Più di 150 anni di opera e danza
di // pubblicato il 15 Novembre, 2011
E' nato a Barcellona il 4 aprile del 1847 ed è ancora oggi uno dei simboli identificativi della città. Una fermata della metropolitana porta il suo stesso nome. Nonostante sia stato parzialmente distrutto da due incendi (uno nel 1861 e uno nel 1994), è considerato uno dei piú belli nel suo genere. Al suo interno vi hanno lavorato anche le sapienti mani di Ramón Casas e di Antoni Miró. E' uno dei soggetti piú imponenti e fotografati delle Ramblas.

Non è difficile intuire che stiamo parlando del Gran Teatre Liceu, palcoscenico delle piú prestigiose opere e dei migliori cantanti del mondo, uno degli esempi piú solenni dell'architettura del XIX secolo nonché simbolo e luogo di incontro dell'aristocrazia e della borghesia catalana.
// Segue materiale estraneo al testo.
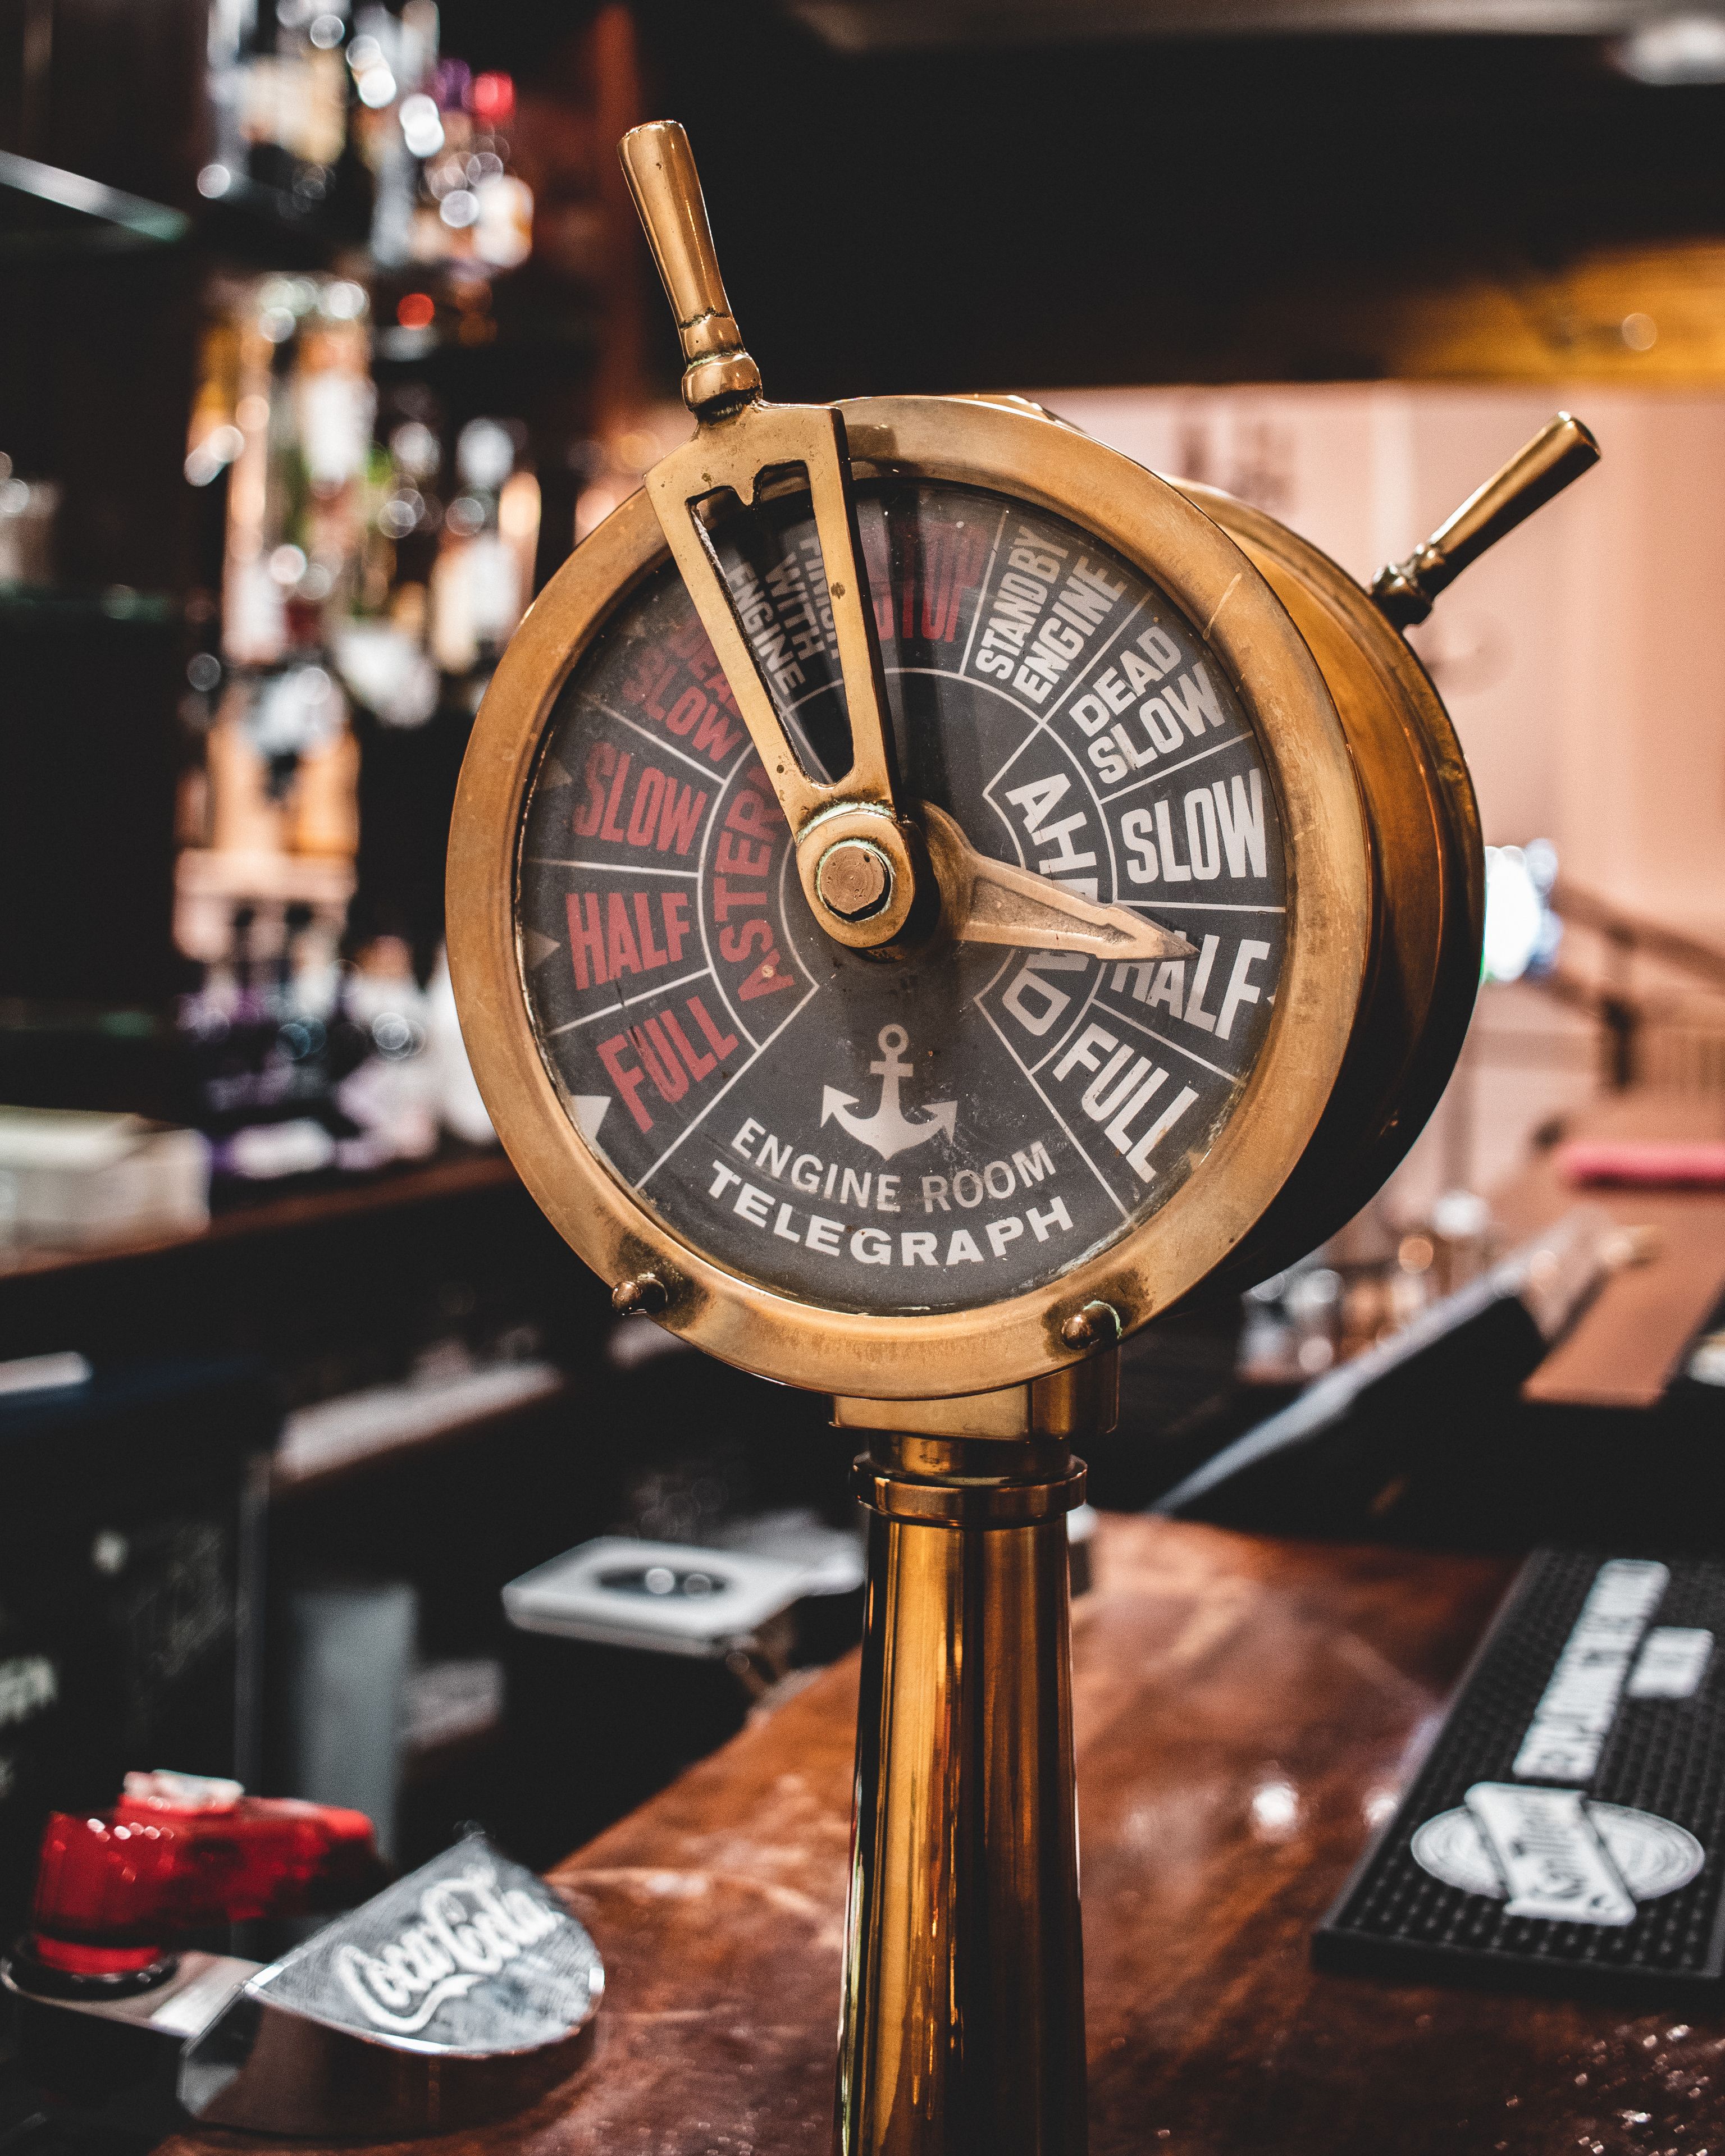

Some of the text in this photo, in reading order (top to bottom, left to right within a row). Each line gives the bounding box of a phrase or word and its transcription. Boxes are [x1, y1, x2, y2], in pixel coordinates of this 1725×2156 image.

[725, 562, 806, 695] ENGINE
[766, 554, 824, 660] WITH
[975, 526, 1071, 680] STANDBY
[1012, 555, 1128, 705] ENGINE
[622, 646, 744, 762] SLOW
[668, 615, 742, 720] DEA
[1069, 626, 1181, 737] DEAD
[1087, 661, 1226, 785] SLOW
[573, 742, 708, 856] SLOW
[1121, 768, 1267, 884] SLOW
[566, 891, 691, 990] HALF
[1001, 773, 1098, 1036] AHD
[596, 995, 739, 1134] FULL
[1053, 1022, 1199, 1184] FULL
[708, 1159, 1074, 1267] TELEGRAPH
[731, 1117, 1056, 1213] ENGINE ROOM
È sempre una sorpresa, appena le scale mobili della fermata della metropolitana Liceu ci immettono nelle Ramblas dels Caputxins, incontrare alla propria destra un edificio così solenne ed elegante. La facciata esteriore del Teatro però non rende completamente l'idea di cosa ci sia al suo interno: lampade in ottone dalla caratteristica forma di drago, poltrone in ferro battuto e velluto rosso, profusione di stucchi dorati e policromi. Tutte queste decorazioni rispecchiano la sontuosità tipica dei teatri lirici del XIX secolo.
Oltre alla famosa “bomba del Liceu” lanciata da un anarchico in platea nel 1893, il teatro ha subito due grandi incendi, per cui non si tratta più dello stesso edificio che fu costruito ma di un rifacimento completo anche se fedele all’originale. L'incendio del 1994 distrusse quasi tutta la struttura ad esclusione della parte centrale della facciata sulla Rambla, il vestibolo con le scalinate, e il Saló dels Miralls (Salone degli specchi). La Sala del Teatro, a forma di ferro di cavallo, è un calco del Teatro alla Scala di Milano. Anche la platea, la cui capienza è pari a 2.292 spettatori e presenta cinque livelli, è stata ricostruita.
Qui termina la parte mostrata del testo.